(Data to use)
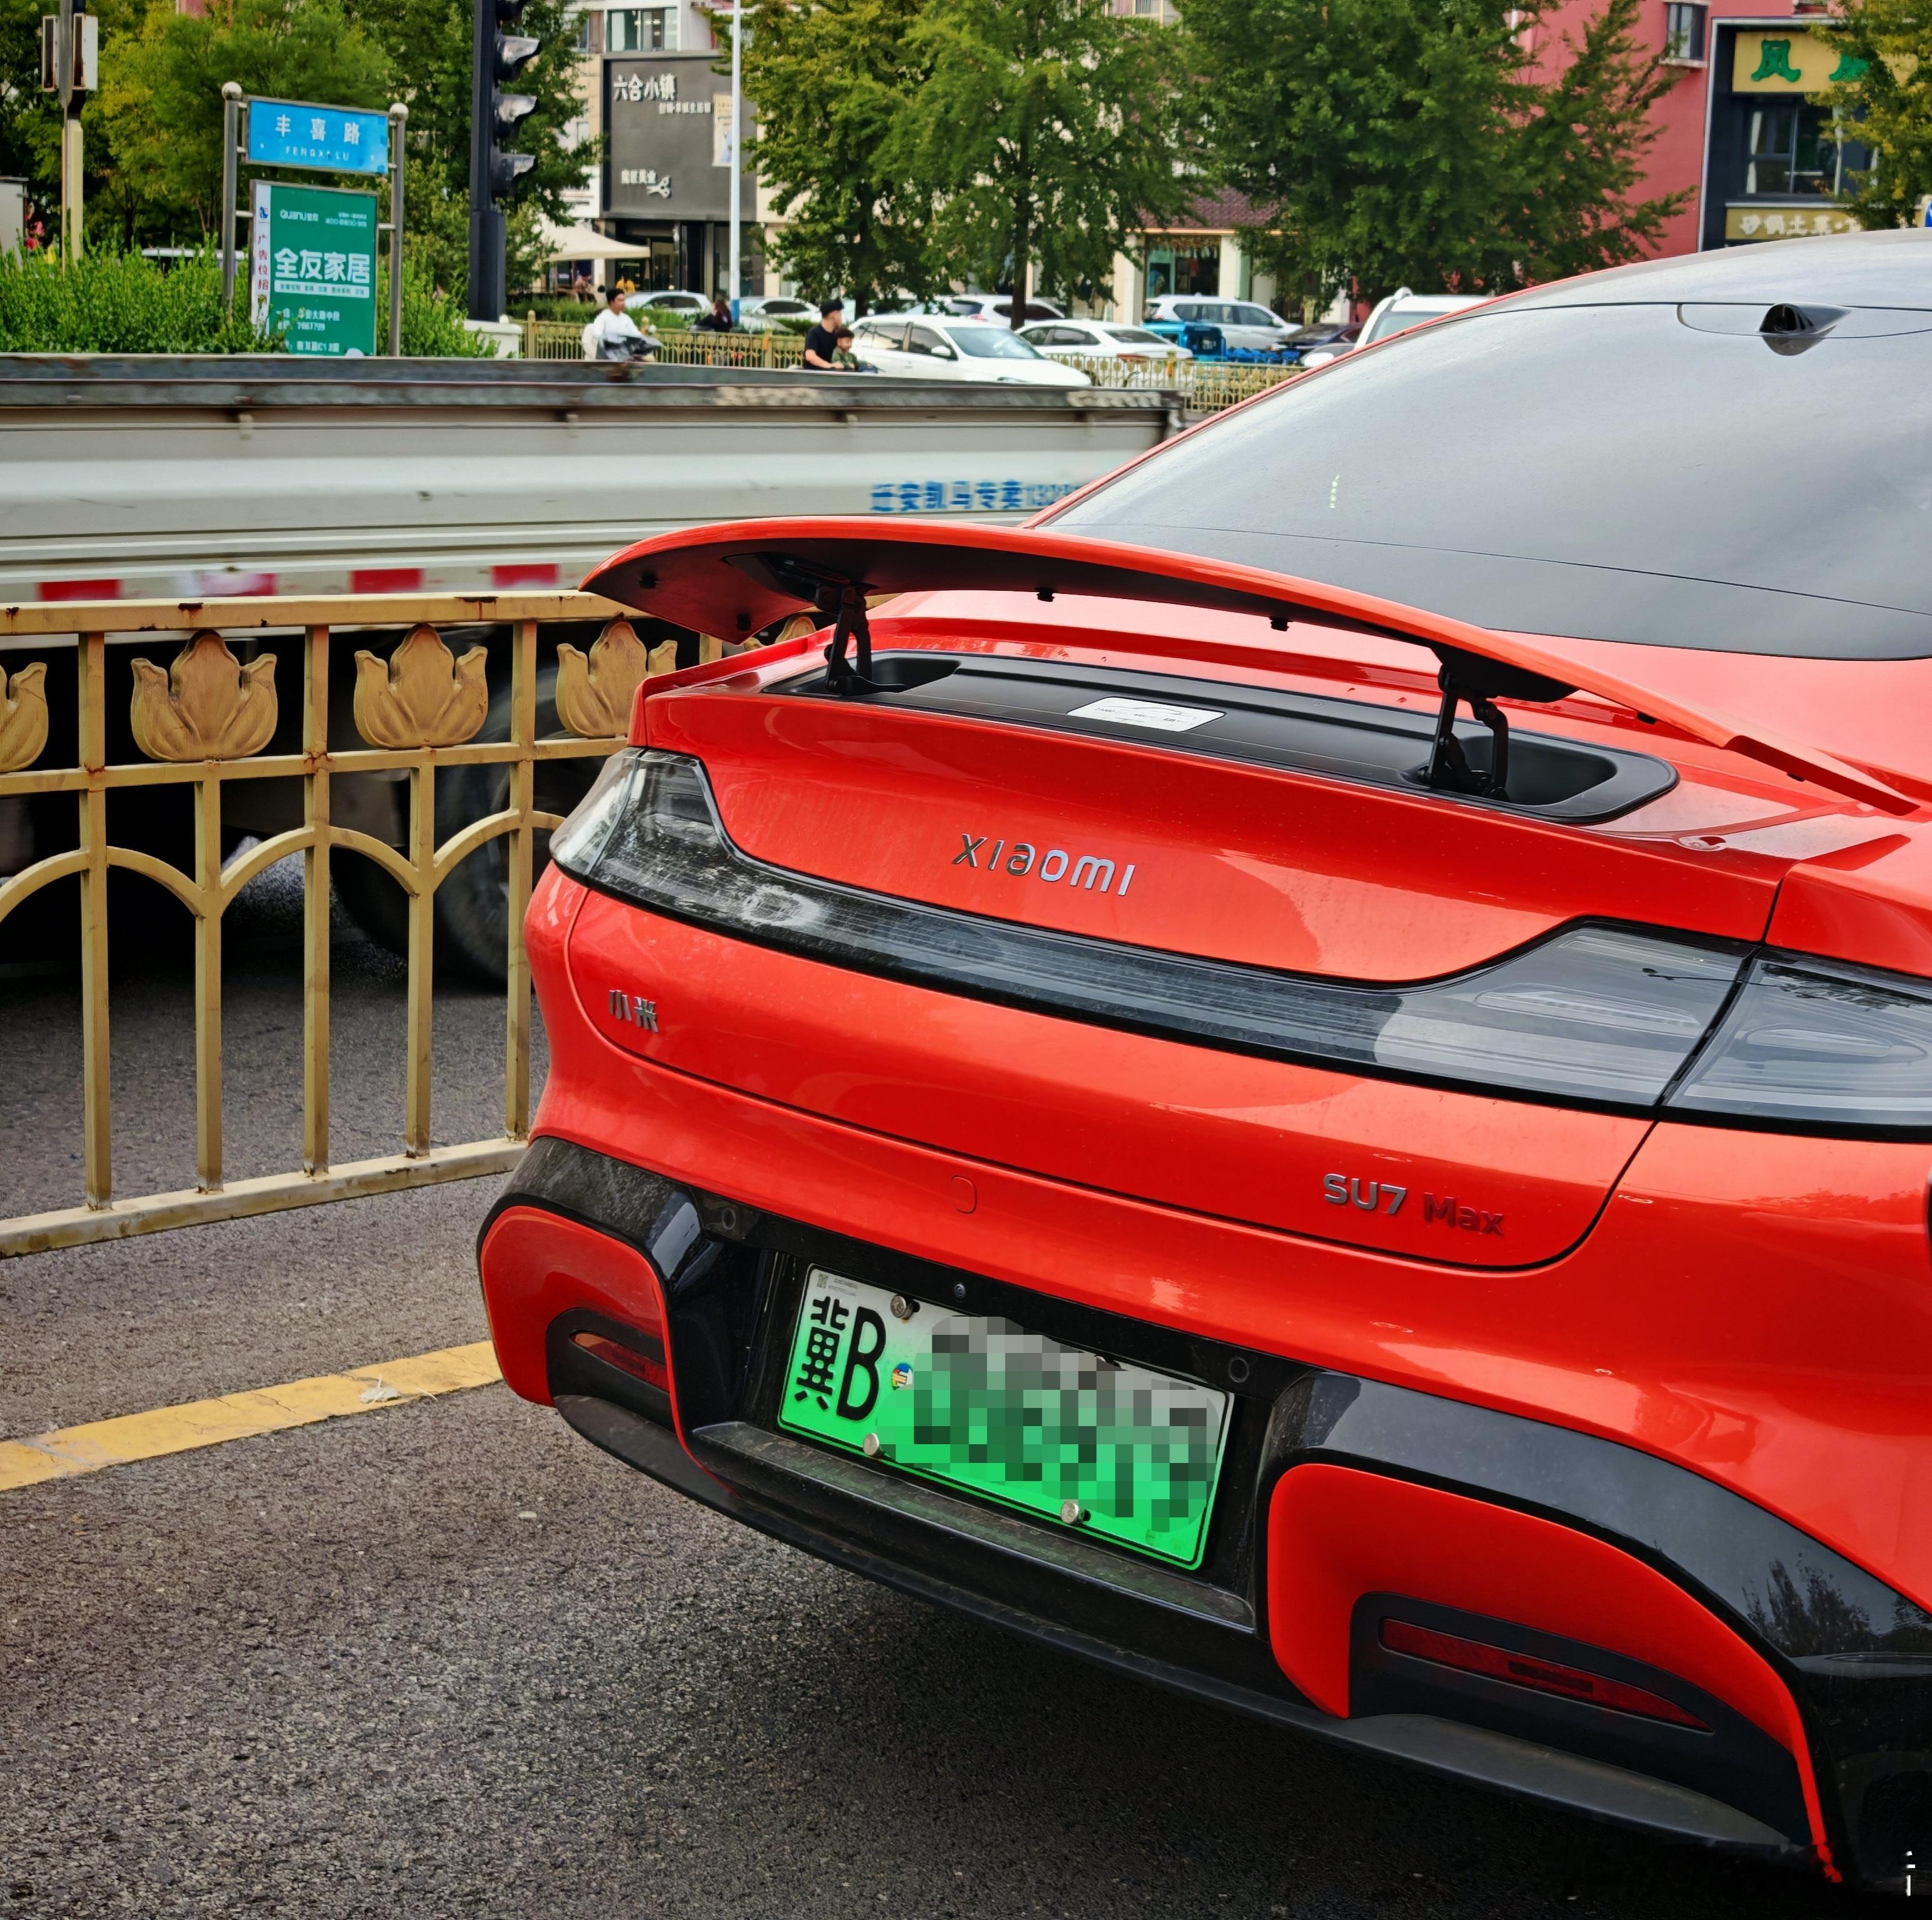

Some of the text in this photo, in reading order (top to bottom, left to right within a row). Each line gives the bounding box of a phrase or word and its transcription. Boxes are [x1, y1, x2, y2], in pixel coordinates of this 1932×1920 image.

[613, 73, 677, 101] 六合小镇
[275, 114, 360, 145] 丰喜路
[335, 151, 349, 161] LU
[274, 248, 370, 284] 全友家居
[870, 480, 1022, 511] 迁安凯马专卖
[608, 989, 660, 1033] 小米
[1323, 1173, 1504, 1235] SU7 Max
[794, 1295, 887, 1422] 冀B
(End Data to use)
** What you will do **
The answer must be an exact copy of the entries, with the pictures omitted.

** Reply **
Some of the text in this photo, in reading order (top to bottom, left to right within a row). Each line gives the bounding box of a phrase or word and its transcription. Boxes are [x1, y1, x2, y2], in pixel coordinates of this 1932×1920 image.

[613, 73, 677, 101] 六合小镇
[275, 114, 360, 145] 丰喜路
[335, 151, 349, 161] LU
[274, 248, 370, 284] 全友家居
[870, 480, 1022, 511] 迁安凯马专卖
[608, 989, 660, 1033] 小米
[1323, 1173, 1504, 1235] SU7 Max
[794, 1295, 887, 1422] 冀B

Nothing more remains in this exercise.